Continuous Computing

Gardner Campbell points me to another very eloquent summary of what’s going on, from Wade Roush’s 10,000 Brainiacs: Let’s Write a Social Computing Story, Socially!, soon to be a Technology Review article. Try this bit on for size:

Walk around any college campus or visit any café with a Wi-Fi hotspot, and you’ll see that these new tools are already changing not only the way we interact, but the way we think, learn, and relate to our physical environments. And this change is accelerating. In fact, it’s spreading through world cultures so fast–and upsetting traditional notions of communication so radically–that even the last half-century of revolutionary technological change is beginning to seem calm by comparison.

Readers using Firefox see interlarded comments by mousing over hyperlinks, and are invited to contribute others for inclusion.
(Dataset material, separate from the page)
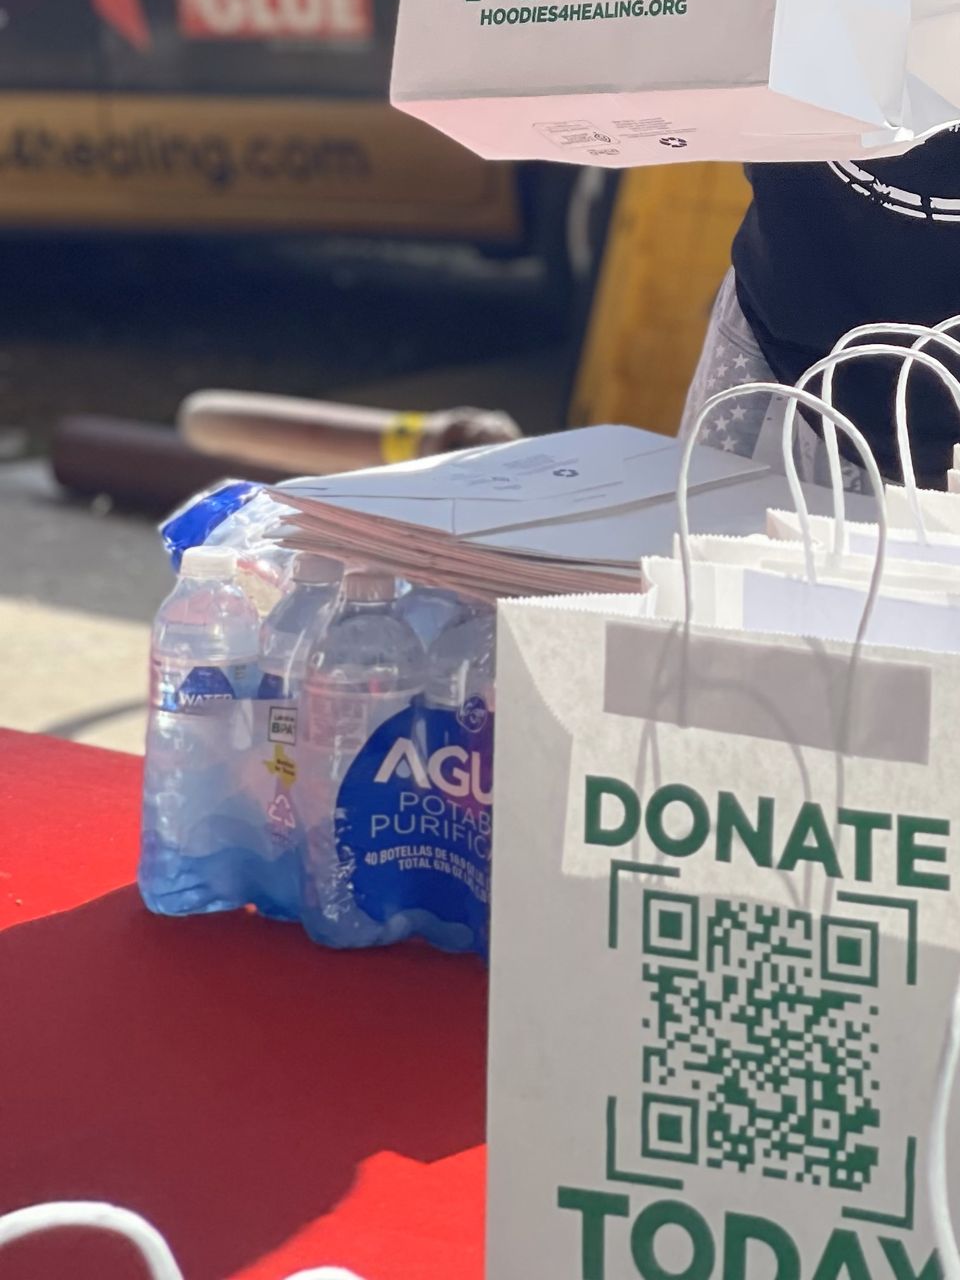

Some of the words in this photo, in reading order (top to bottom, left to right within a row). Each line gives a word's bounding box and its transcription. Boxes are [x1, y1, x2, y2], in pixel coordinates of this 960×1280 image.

Something happening here, Mr. Jones…
More:

…need for a new term to describe the current moment in information technology. Continuous computing doesn’t simply mean computing continuously: few people, in fact, want or need to be jacked into the network at every moment of the day. Rather, it also connotes computing that’s continuous with our lives as humans, in all their messy, biological, biographical, social richness. Computers and software don’t have to disappear behind the scenes in order to blend more naturally into our existence. All they have to do is respect our real human needs—prime among them, the need to communicate.